Dix ans après le massacre de Maspero, l’impunité bat toujours son plein

Le 9 octobre 2011, l’armée égyptienne réprimait dans le sang une marche rassemblant majoritairement des coptes qui protestaient contre l’incapacité des autorités à enquêter sur l’incendie d’une église à Marinab, dans le gouvernorat d’Assouan.

Dix ans après le massacre de Maspero, l’impunité bat toujours son plein

Des Égyptiens allument une bougie en souvenir de ceux qui ont été tués lorsque les forces de sécurité ont violemment écrasé une manifestation majoritairement chrétienne copte devant le bâtiment de la télévision d’État (Maspero) au Caire, le 9 octobre 2013. Khaled Desouki/AFP

Ce jour-là, Ramy Yaacoub n’avait pas prévu de sortir. Engagé sur tous les fronts, dans la rue quand il n’est pas en réunion, activiste et acteur politique, il pensait, pour une fois, passer son tour. La marche rassemblerait beaucoup de monde et ne manquerait pas d’attirer l’attention. Il pouvait se permettre de faire une pause, de rester chez lui pour boucler des dossiers, à quelques semaines des élections législatives. À l’époque, il était membre du bureau politique au sein du parti des Égyptiens libres, une formation libérale et laïque fondée le 3 avril 2011, dans le sillage de la révolution du 25 janvier. L’homme, qui n’avait pas 30 ans, œuvrait comme directeur de campagne pour les circonscriptions du Caire-centre, de Suez et de la mer Rouge. Près d’une quinzaine de ses collègues dans la direction du parti avaient décidé de se rendre sur les lieux de la contestation, tout comme sa petite amie d’alors, qu’il devait retrouver après.

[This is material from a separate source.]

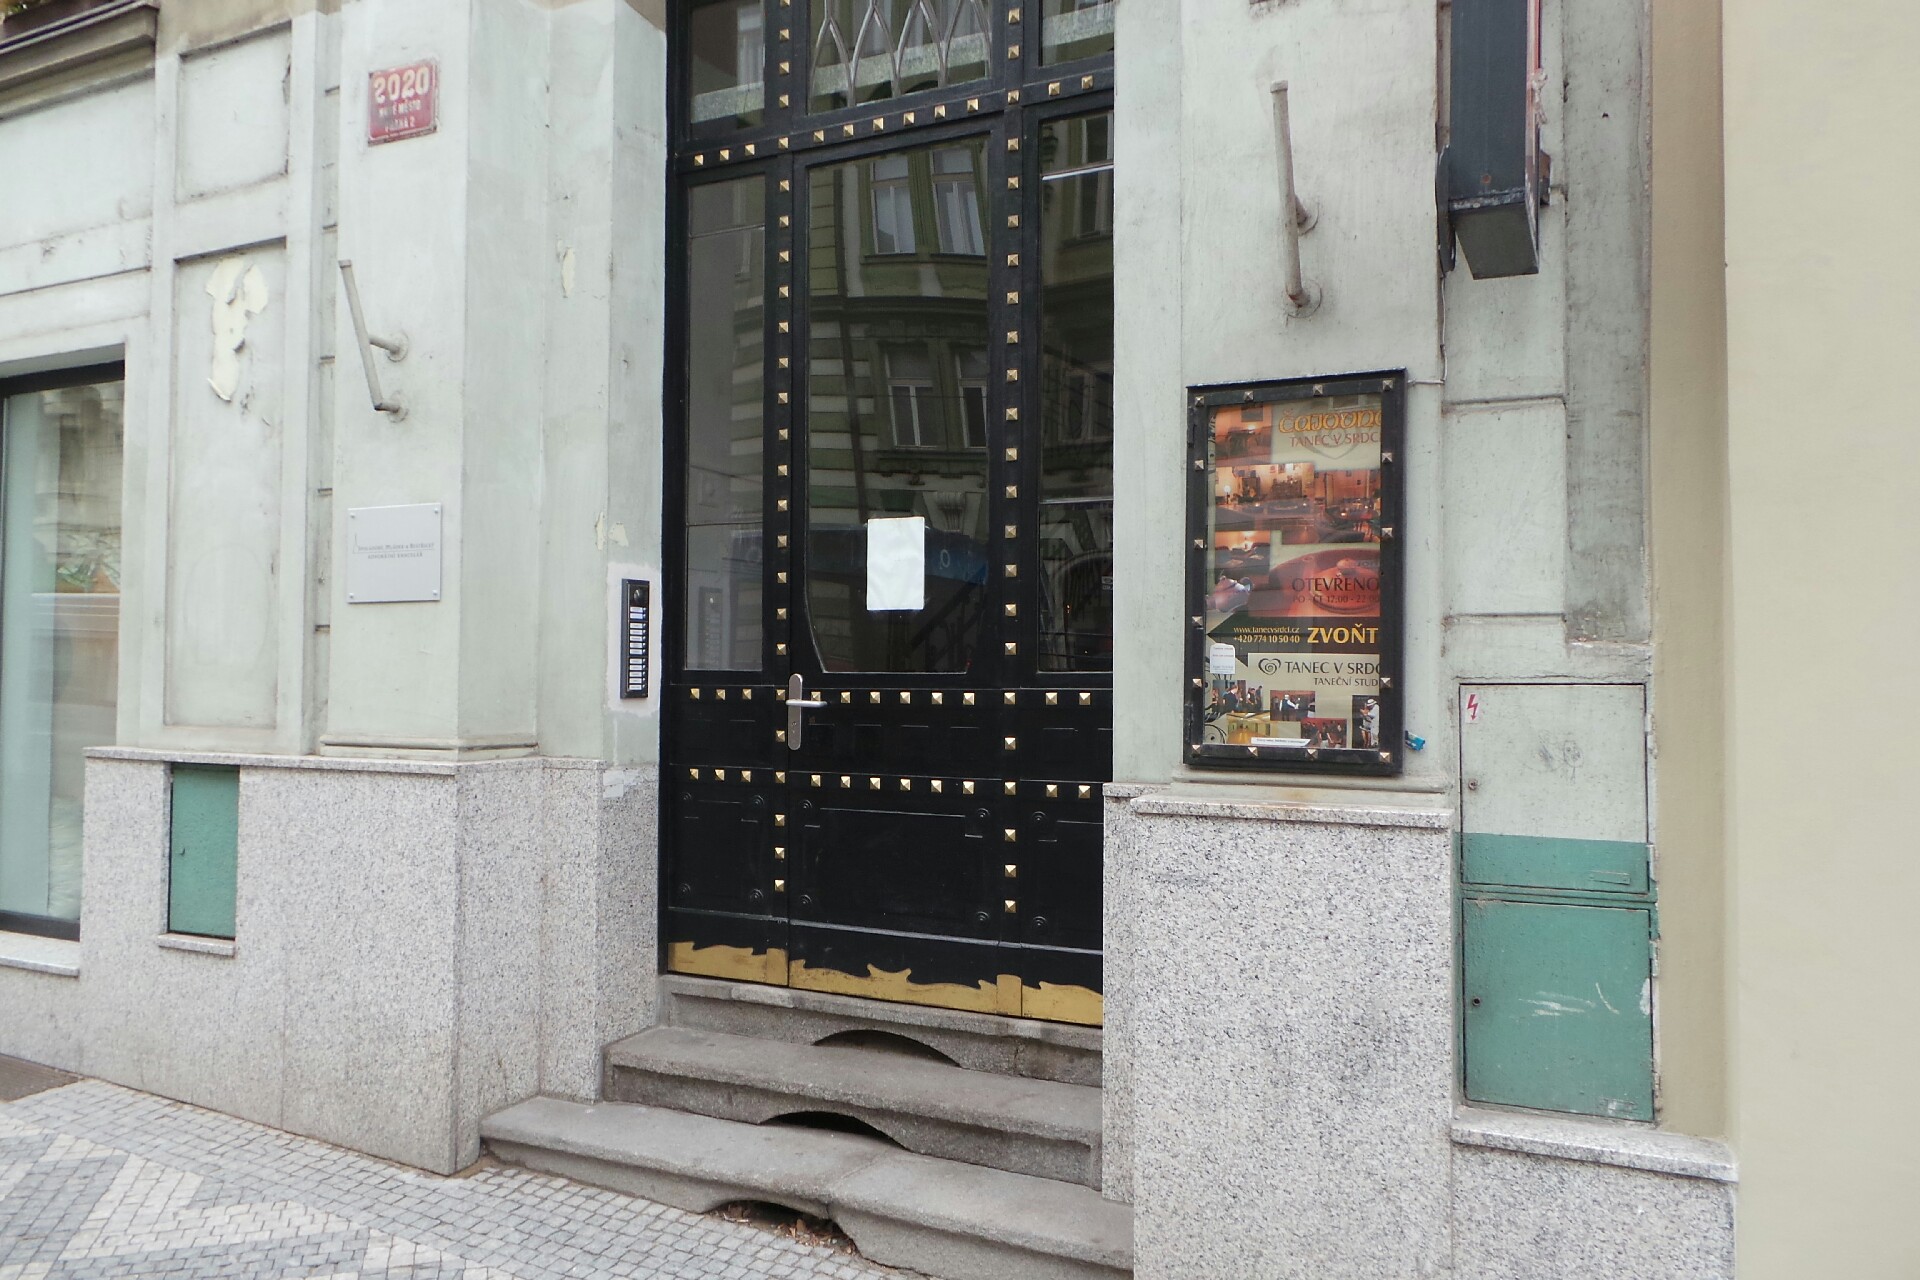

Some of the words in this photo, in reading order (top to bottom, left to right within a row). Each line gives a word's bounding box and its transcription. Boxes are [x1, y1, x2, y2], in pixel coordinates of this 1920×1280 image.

Mais les choses allaient prendre une autre tournure.

Nous sommes le 9 octobre 2011. Il est 16h. Dans le quartier de Shubra, au nord du Caire, là où vivent de nombreux chrétiens coptes, près de 10 000 manifestants principalement issus de cette communauté se dirigent vers Maspero, le bâtiment de la télévision d’État. C’est la deuxième mobilisation de ce genre en moins d’une semaine. Dans le collimateur des contestataires, l’incapacité des autorités à enquêter sur l’incendie d’une église à Marinab, dans le gouvernorat d’Assouan, au sud du pays. Avec une revendication : la destitution du gouverneur de la province en question qui, comme pour se dédouaner, a prétexté que l’édifice religieux aurait été construit sans permis.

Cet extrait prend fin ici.